A brief tour of St Petersburg’s Orthodox Cathedrals part 6
Some of Russia’s most magnificent churches are found in St Petersburg. And among its most outstanding examples are the city’s Orthodox Cathedrals.
Built at the height of the Russian Empire's wealth and power, these impressive buildings were designed by the city's greatest architects, and no expense was spared in their construction or decoration.
In this latest article, we look at two more of these fascinating buildings, namely…
The Church of the Resurrection of Jesus Christ is known to the locals as the Church of the Saviour on the Spilled Blood – or even just the Church on the Blood – as it marks the spot where Alexander II was fatally wounded in an assassination attempt on 1 March 1881.

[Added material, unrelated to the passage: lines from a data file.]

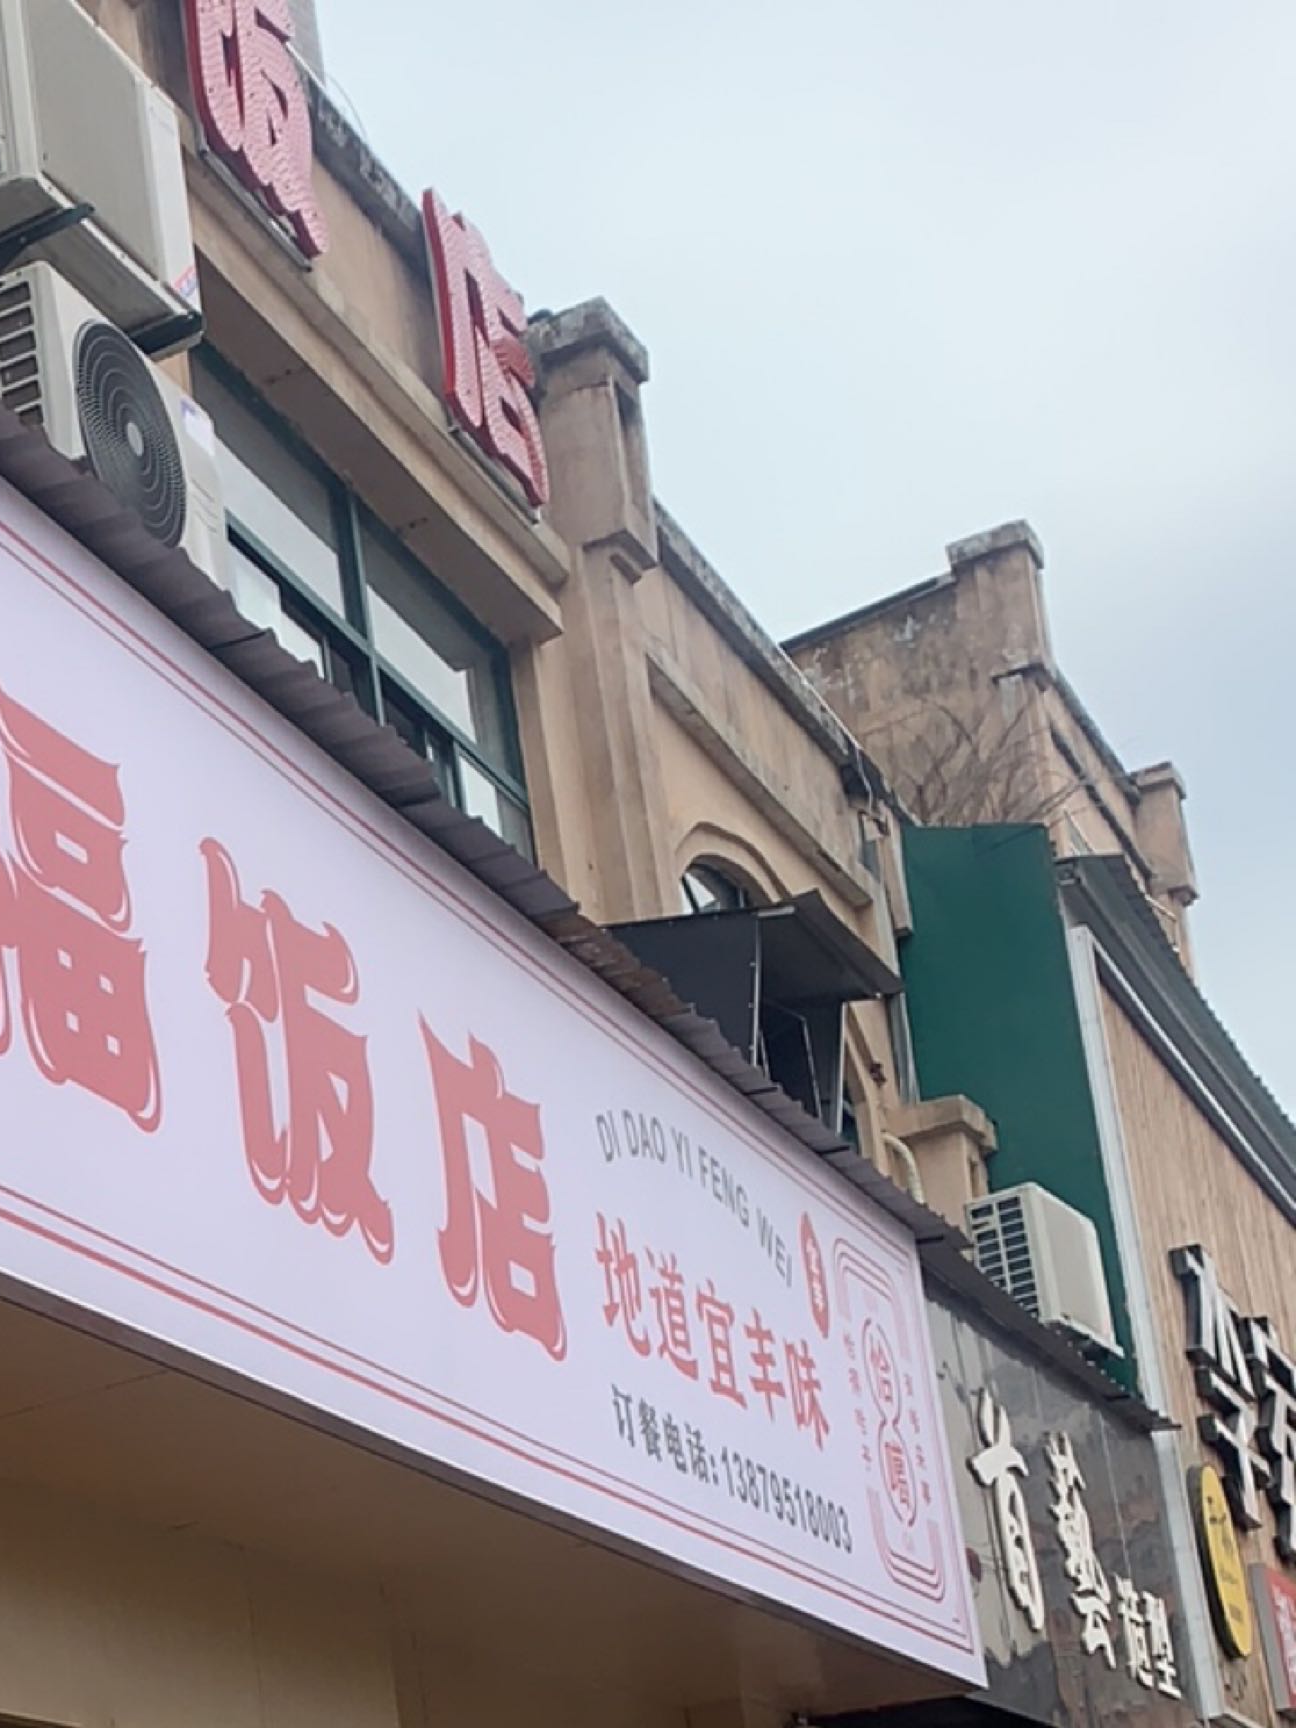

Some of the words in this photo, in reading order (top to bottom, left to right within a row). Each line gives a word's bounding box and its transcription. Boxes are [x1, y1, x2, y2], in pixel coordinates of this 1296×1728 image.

[596, 1110, 621, 1162] DI
[622, 1109, 667, 1164] DAO
[670, 1126, 693, 1179] YI
[698, 1145, 749, 1228] FENG
[756, 1208, 792, 1288] WEI
[595, 1211, 830, 1450] 地道宜丰味
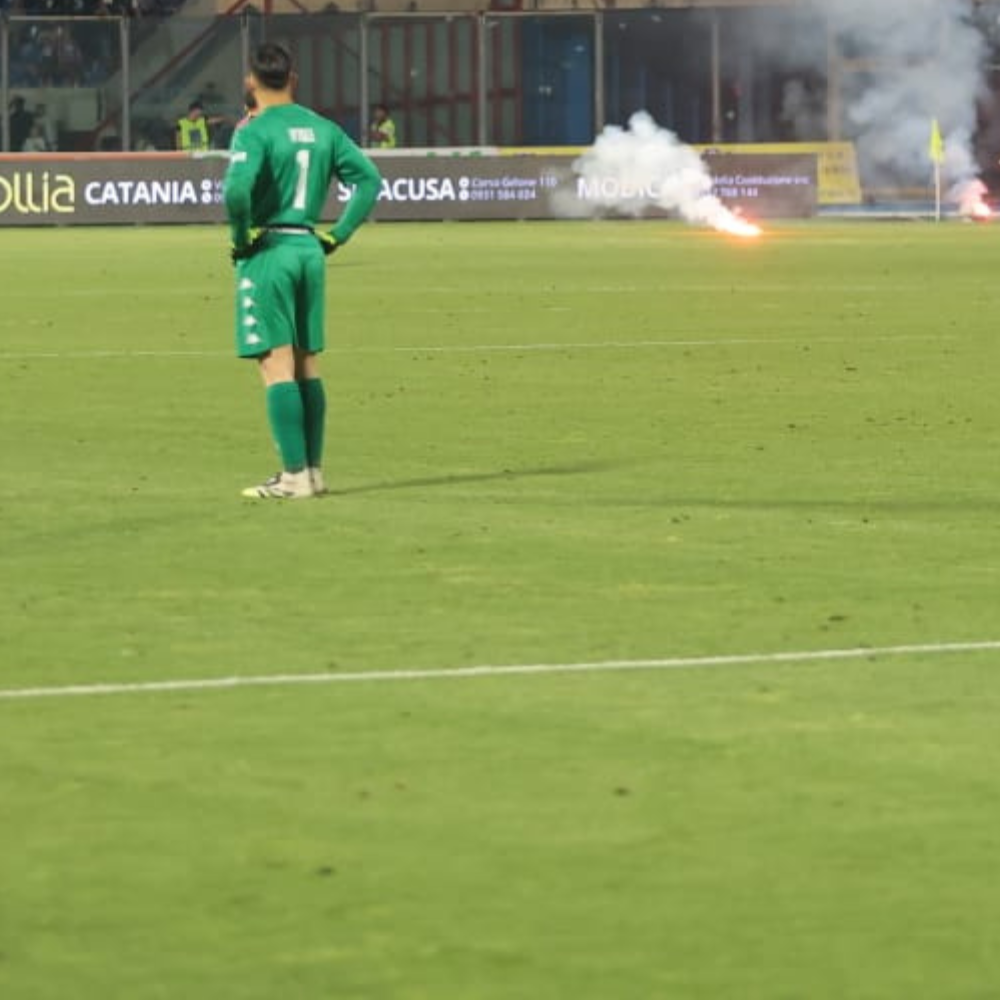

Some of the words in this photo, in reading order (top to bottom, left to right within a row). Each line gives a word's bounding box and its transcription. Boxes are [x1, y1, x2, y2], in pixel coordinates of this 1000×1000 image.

[293, 150, 310, 209] 1
[337, 177, 456, 201] SACUSA
[577, 177, 660, 201] MODIC
[84, 181, 197, 205] CATANIA

Alexander II died of his wounds, which were inflicted in an attack by the terrorist group People's Will. Immediately, his heir, Alexander III, declared he intended to erect a church on the site in his father's memory, built in ‘traditional Russian’ style, as opposed to what he saw as the Western influence contaminating St Petersburg. The church's design drew heavily on St Basil's Cathedral in Moscow and the Vladimir Cathedral in Kiev.
No baptisms, funeral services, weddings or other traditional services were held in the Church on the Blood. However, weekly requiems (for Alexander II) and sermon readings attracted large numbers of worshippers.

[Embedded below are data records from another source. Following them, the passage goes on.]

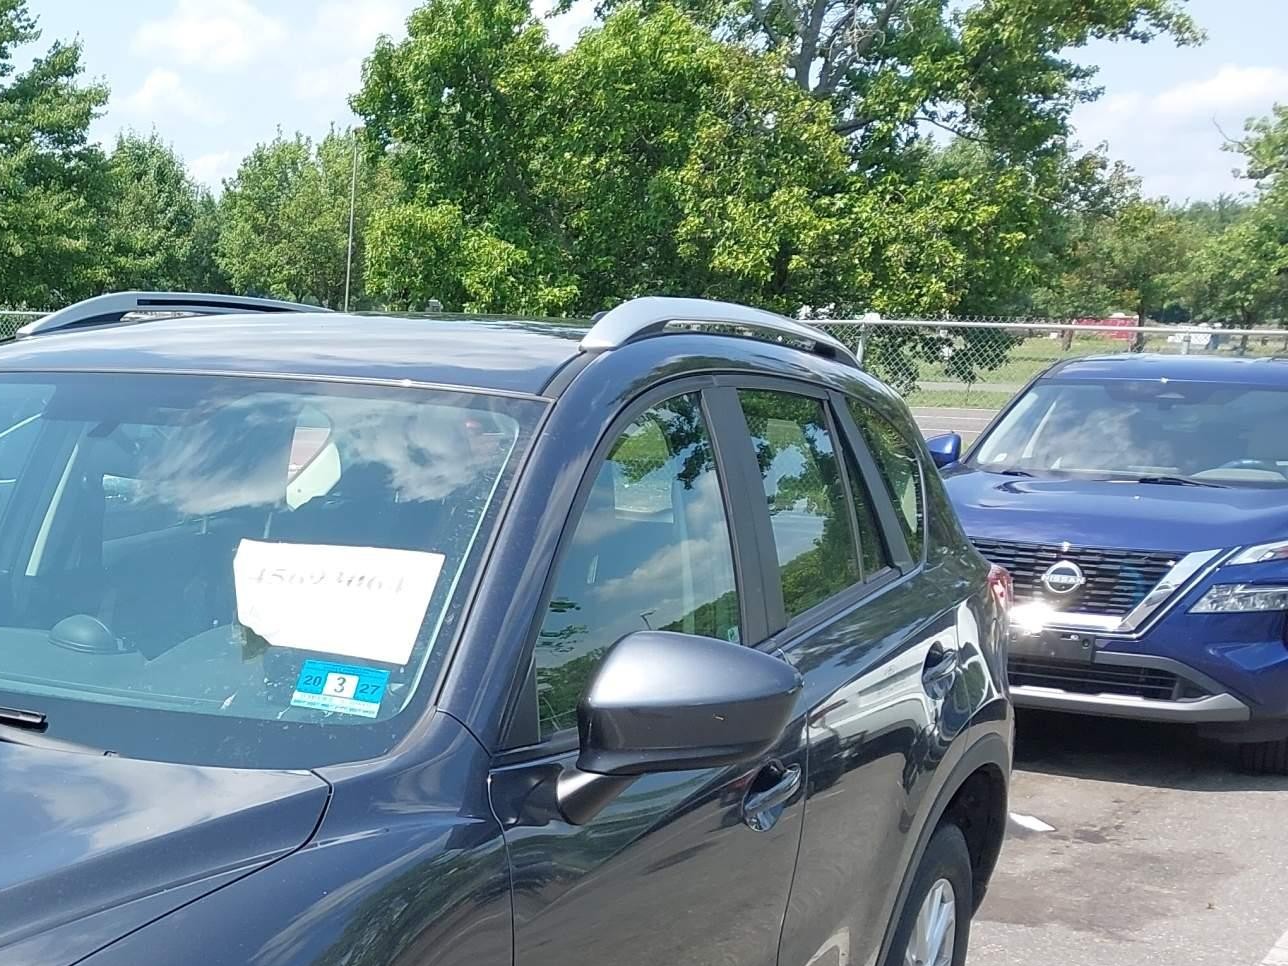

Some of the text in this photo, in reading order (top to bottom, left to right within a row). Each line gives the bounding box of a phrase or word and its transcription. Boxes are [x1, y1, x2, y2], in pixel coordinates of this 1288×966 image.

[303, 675, 380, 695] 20 3 27
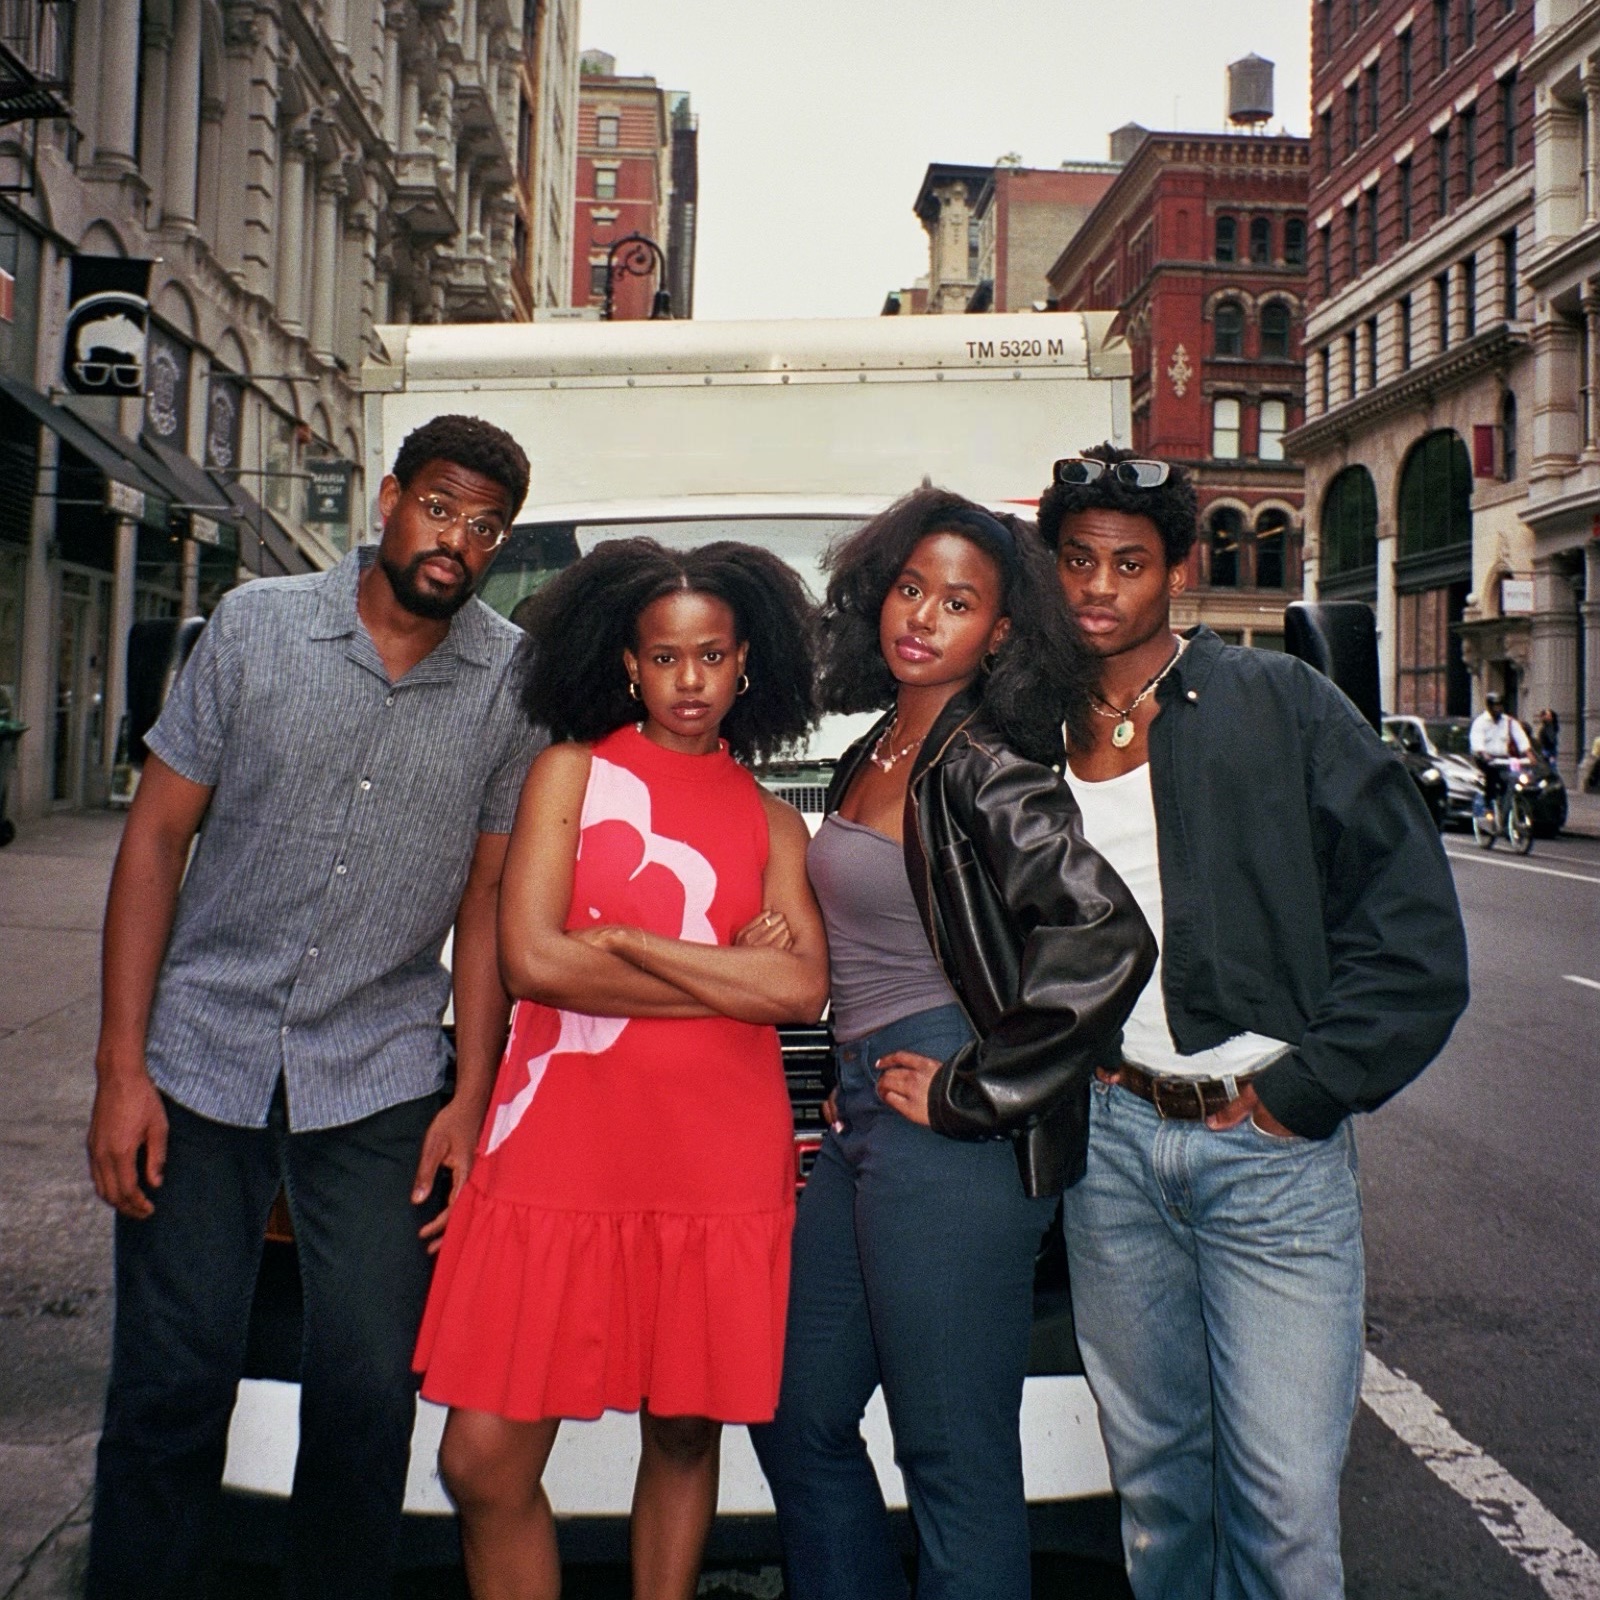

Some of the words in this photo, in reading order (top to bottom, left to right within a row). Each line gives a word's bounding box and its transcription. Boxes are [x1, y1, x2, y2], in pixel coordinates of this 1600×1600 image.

[966, 341, 994, 359] TM
[1000, 339, 1042, 358] 5320
[1047, 339, 1064, 356] M
[313, 473, 346, 483] MARIA

After the Revolution, the church was looted. It was closed in 1932, and essentially turned into a rubbish dump. Damage from World War II and the Siege of Leningrad can still be seen on the church's walls.
After World War II, the church was used as a warehouse for the Small Opera Theatre. In 1970, it became a branch of the St Isaac's Cathedral museum, and restoration began. The decades of deterioration and restoration culminated in a dramatic re-opening in August 1997, when thousands of eager visitors swamped the church.

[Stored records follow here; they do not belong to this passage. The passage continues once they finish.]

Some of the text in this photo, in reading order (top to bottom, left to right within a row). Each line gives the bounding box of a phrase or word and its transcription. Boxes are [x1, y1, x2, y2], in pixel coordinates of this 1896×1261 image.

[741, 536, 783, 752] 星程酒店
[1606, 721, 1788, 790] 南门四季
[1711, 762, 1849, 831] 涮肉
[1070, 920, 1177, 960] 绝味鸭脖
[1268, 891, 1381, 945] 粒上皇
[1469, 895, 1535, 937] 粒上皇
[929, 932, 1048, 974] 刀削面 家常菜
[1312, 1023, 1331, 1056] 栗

One of its most impressive elements is the extravagant shrine constructed on the spot where Alexander II was fatally wounded. Four columns of grey violet jasper serve as the base of the shrine, which is decorated with mosaic icons with images of the patron saint of the Romanov family.
The church has an outstanding and varied collection of mosaic icons depicting St Alexander Nevsky, Mother of God with Child and the Saviour, and Christ giving a blessing with his right hand and holding the gospels in his left.
You’ll find the cathedral at 2, Naberezhnaya Kanala Griboedova, nearest metro Nevsky Prospekt/Gostiny Dvor. It’s open daily 10.30 am to 6.00 pm, with evening openings in the summer. Closed Wednesdays, admission 250 roubles (adult), 50 (child). Audio-guide (in Russian, English, German, French, Italian or Spanish) 100 roubles. Wheelchair-accessible.
The dazzling cupolas of Smolny Cathedral, one of the most beautiful churches in St Petersburg, rise majestically from its location on the banks of the Neva River.
Smolny Cathedral was designed by Italian architect Bartolomeo Rastrelli, who came to Russia as a boy with his father, who constructed the Winter Palace and the palace at Tsarskoe Selo.
The cathedral was part of a complex planned by the Empress Elizabeth to include a nunnery and a new school for girls. Construction began in 1748, and by 1761 was complete.
After the revolution, the cathedral was looted and left to decay.
In the 1970s, it became a museum, and was later converted into a concert hall, which is still one of its primary functions today.
The cathedral stands on Ploshchad Rastrelli, nearest metro Chernyshevskaya. It’s open daily 11.00 am to 7.00 pm, closed Wednesdays. The museum is wheelchair accessible.